Vitamin D deficiency is present in up to 80% of populations in Middle Eastern countries, occurring more frequently with obesity and diabetes [14, 18]. Vitamin D is an essential immune modulator through multiple mechanisms and effects on immune pathways, and several studies are hypothesizing an association of vitamin D deficiency with greater severity of COVID-19 infection [19, 20]. Regulatory T lymphocytes (which are a principal defense against uncontrolled inflammation) are reported to be low in many COVID-19 patients and can be increased by vitamin D supplementation [21, 22]. The efficacy of vitamin D supplements is best demonstrated with the chronic intake of low doses rather than bolus administration of large amounts [23].

In the current study, MS patients have had regular monitoring and supplementation with vitamin D, and the majority of cases had sufficient vitamin D levels before COVID-19 infection. One of the patients who had insufficient vitamin D, and was pregnant, experienced a prolonged course. Our data, though based on a small sample size, suggest that pregnancy may not necessarily negatively affect the course and outcome of COVID-19. Natalizumab may contribute to miscarriage as it is a known association.

These results must be interpreted with caution because of the small size of the sample and with no comparative populations to draw any conclusions. We can hypothesize that sufficient vitamin D levels through regular supplementation may well have contributed to their mild response and course of COVID-19 infection. However, this is an area for future research. The study is limited by the single center design and small sample size. Also, the retrospective nature could have been responsible for missing some data.

In conclusion, our findings concur with reports that patients whose disease process is controlled under current immunotherapies should continue their medications and, overall, use of a DMT that is not a B-cell-depleting agent does not appear to confer worse COVID-19 outcome whereas B-cell-depleting agents may do.
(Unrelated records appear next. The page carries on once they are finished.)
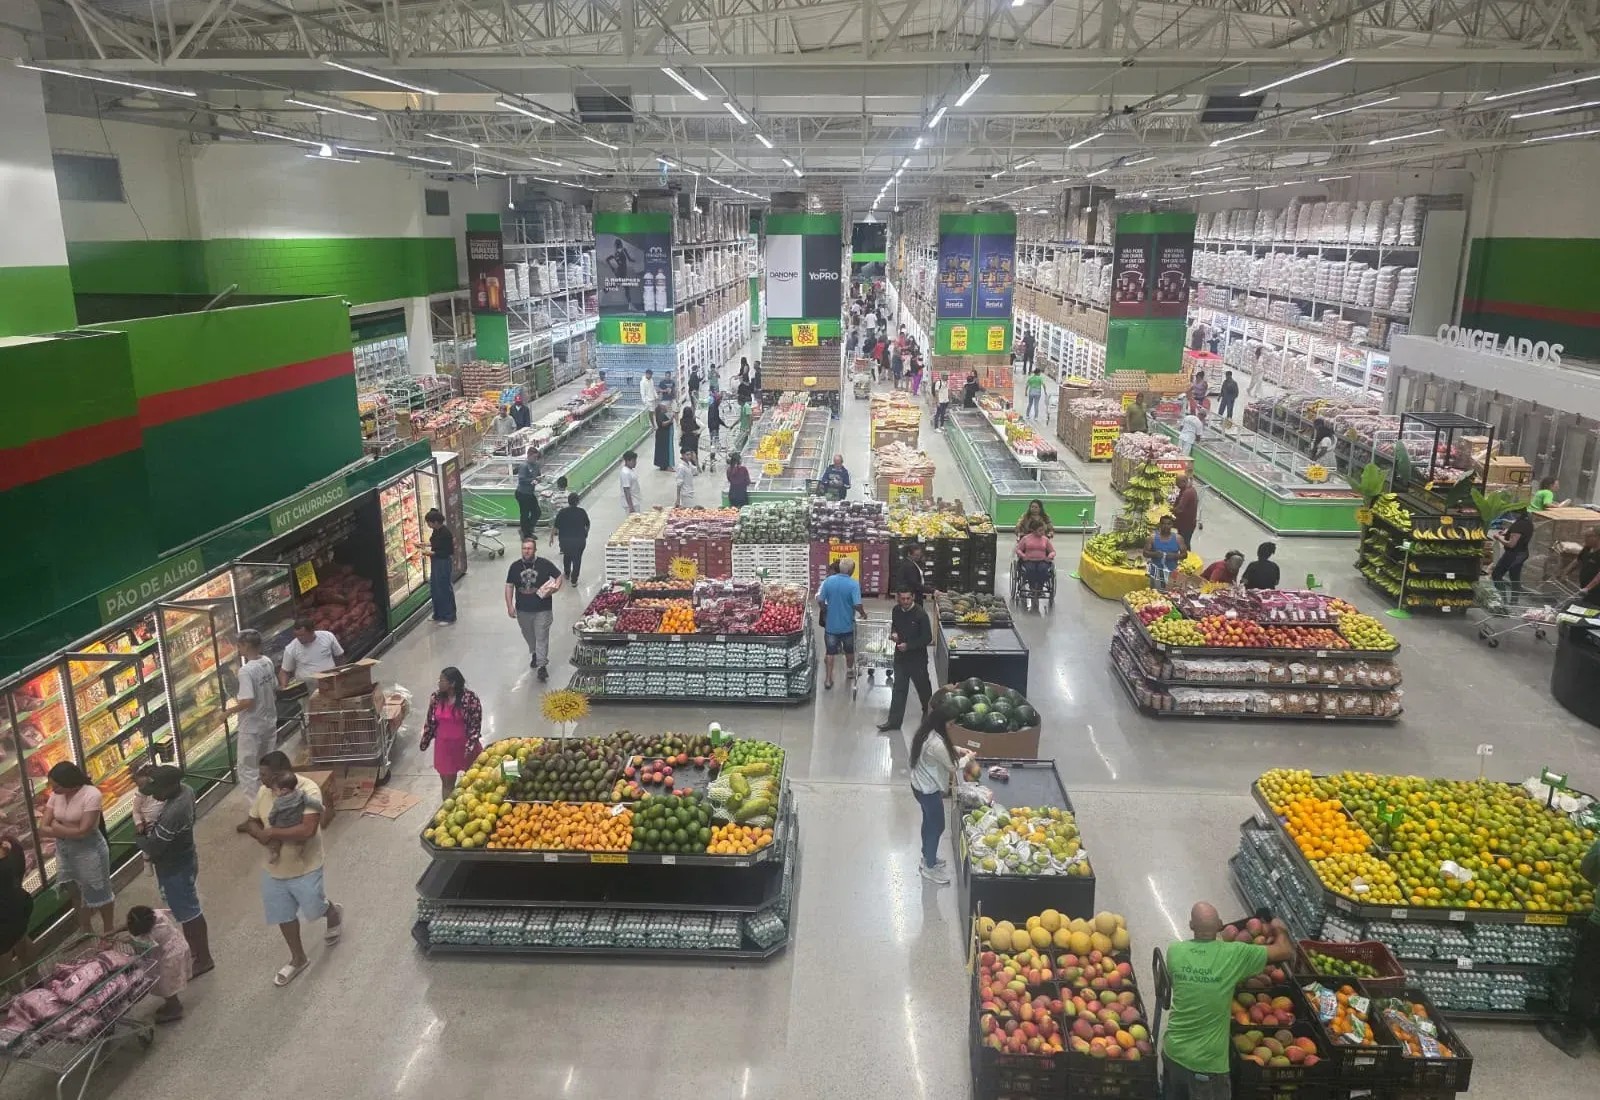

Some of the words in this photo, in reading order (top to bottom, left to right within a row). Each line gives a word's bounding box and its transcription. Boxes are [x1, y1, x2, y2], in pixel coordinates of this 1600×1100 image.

[809, 272, 838, 280] YoPRO
[1437, 324, 1564, 366] CONGELADOS
[276, 511, 291, 528] KIT
[292, 486, 344, 520] CHURRASCO
[106, 588, 138, 616] PÃO
[140, 580, 160, 600] DE
[163, 559, 198, 588] ALHO
Hereby, present results are confirmatory of previous studies, which were however obtained on different populations (e.g., mostly Europe and the USA) [6‒8, 13, 16]. The influence of DMTs [18] and vitamin D status on the clinical course of COVID-19 in patients with MS requires further study.
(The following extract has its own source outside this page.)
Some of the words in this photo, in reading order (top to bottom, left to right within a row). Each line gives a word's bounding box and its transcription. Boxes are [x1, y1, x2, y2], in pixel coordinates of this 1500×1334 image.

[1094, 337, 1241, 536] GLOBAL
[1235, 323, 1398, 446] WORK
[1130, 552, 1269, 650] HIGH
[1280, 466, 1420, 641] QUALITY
This study was carried out in accordance with the Code of Ethics of the World Medical Association (Declaration of Helsinki). Written informed consent was taken from all the patients included in this study. This study protocol was reviewed and approved by Ethics Committee, Ministry of Health, Kuwait.

The authors have no conflicts of interest to declare.
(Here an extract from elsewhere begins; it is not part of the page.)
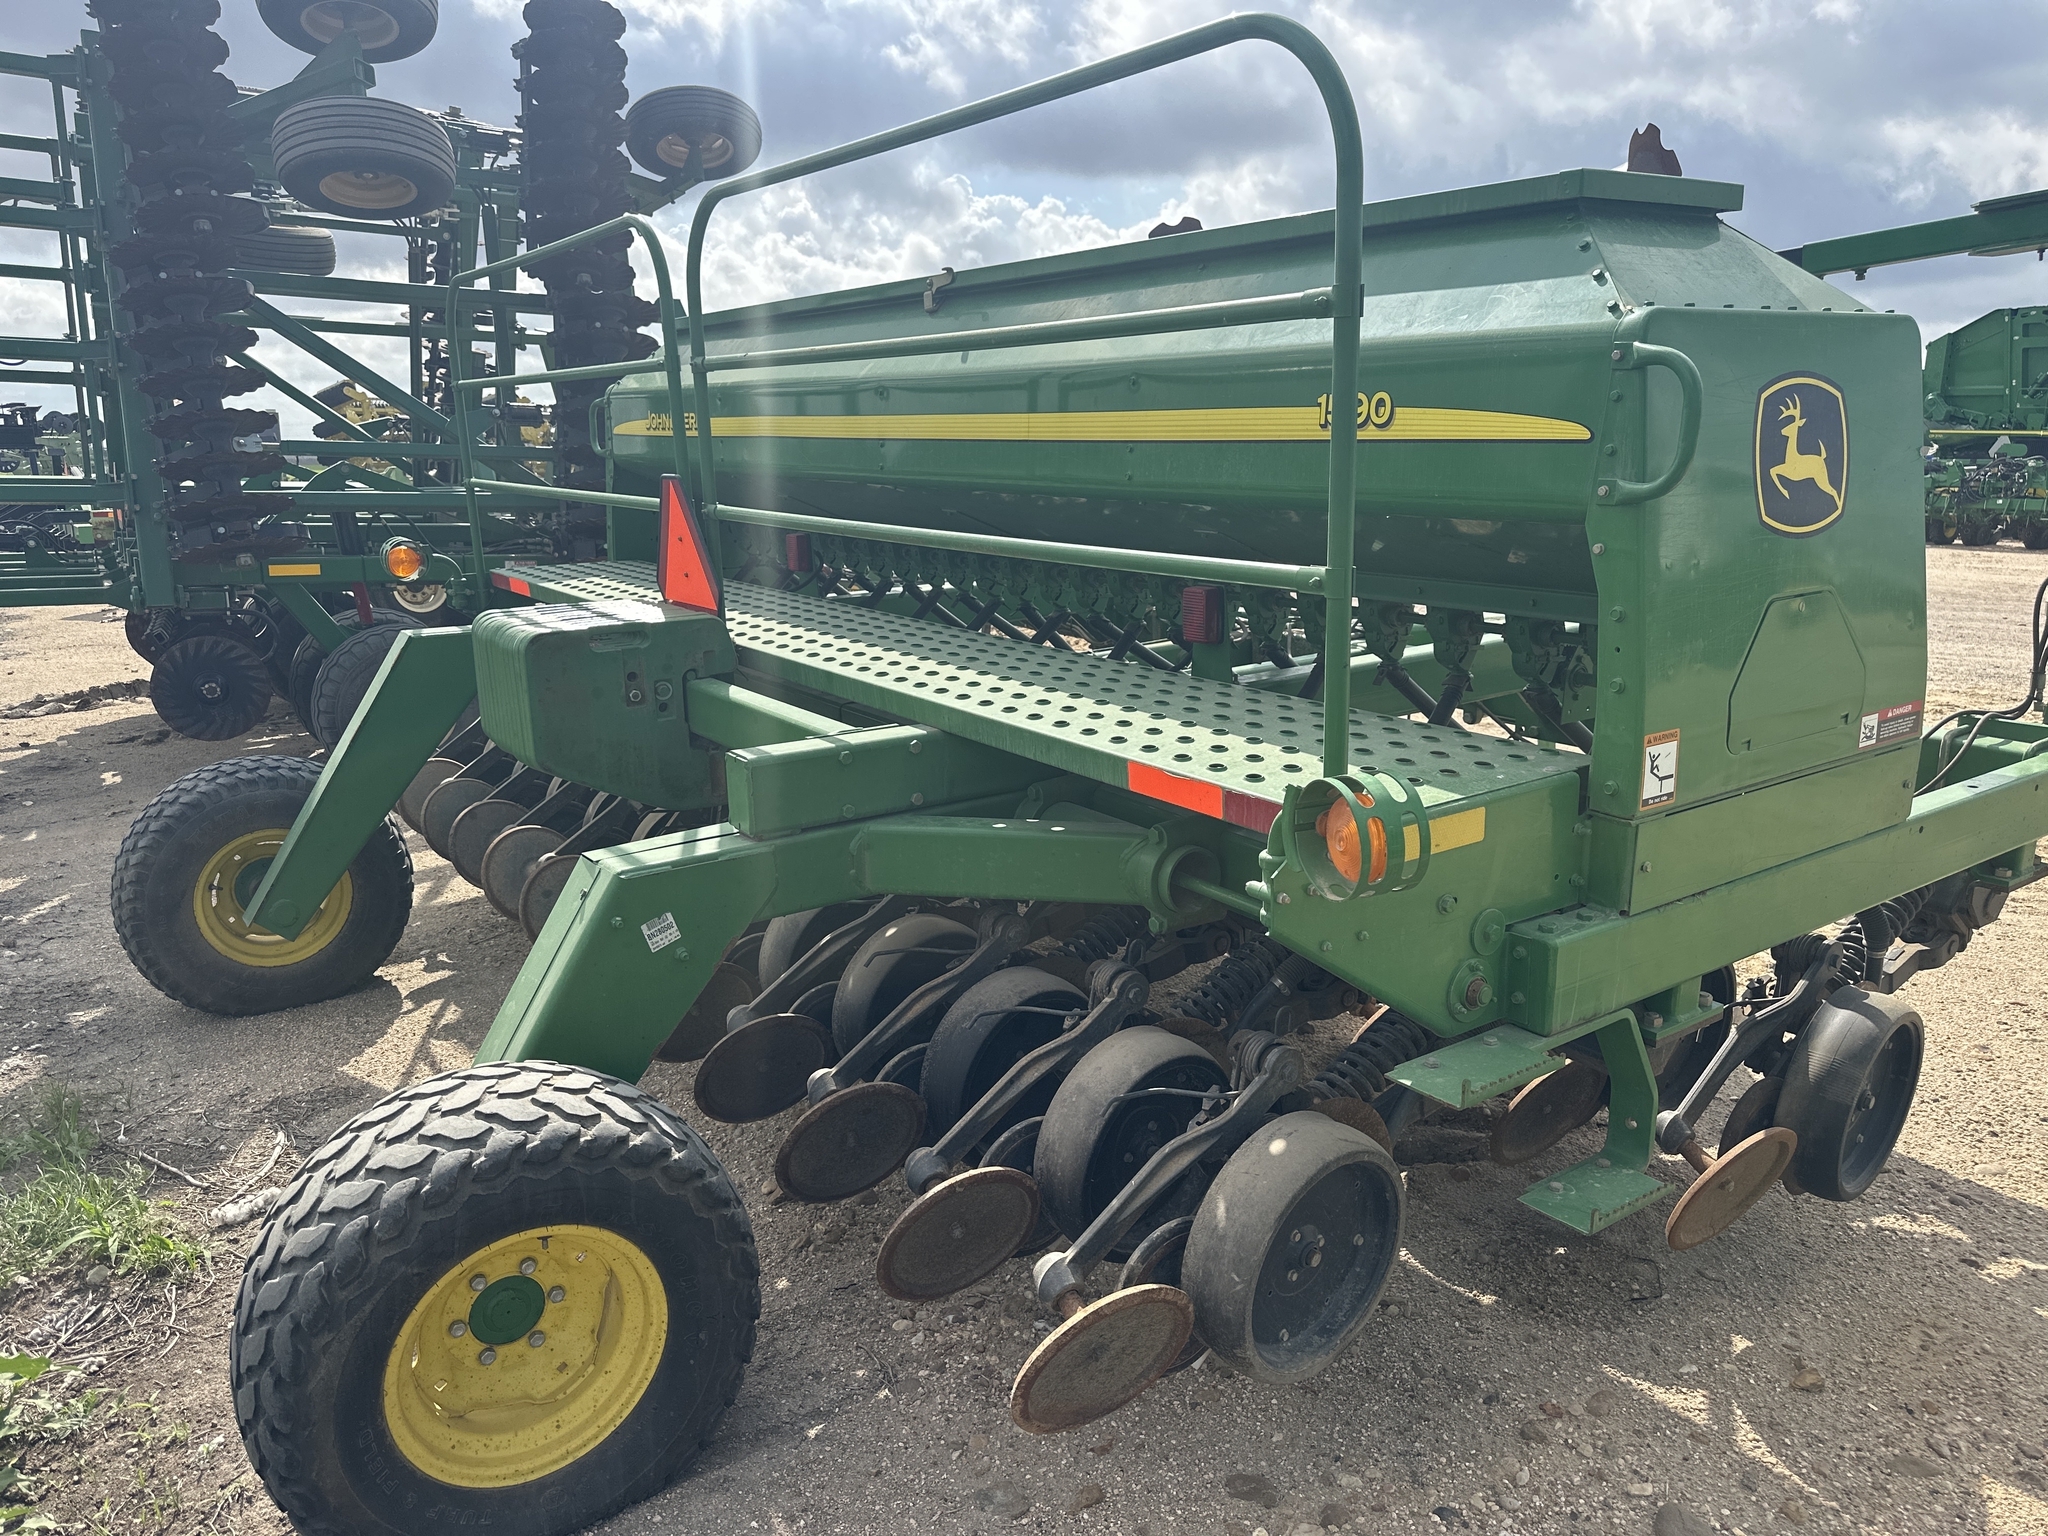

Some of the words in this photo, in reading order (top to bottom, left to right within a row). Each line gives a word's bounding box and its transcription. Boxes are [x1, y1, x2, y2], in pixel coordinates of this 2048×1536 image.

This research did not receive any specific grant from funding agencies in the public, commercial, or not-for-profit sectors.

Suhail Al Shammri designed the experiments and prepared the manuscript. Geeti Chadha collected the data and contributed in preparation of manuscript. Arpita Chattopadhyay and Suhail Doi analyzed the data and prepared the final manuscript. All the authors approved the final manuscript.

The data that support the findings of this study are available on request.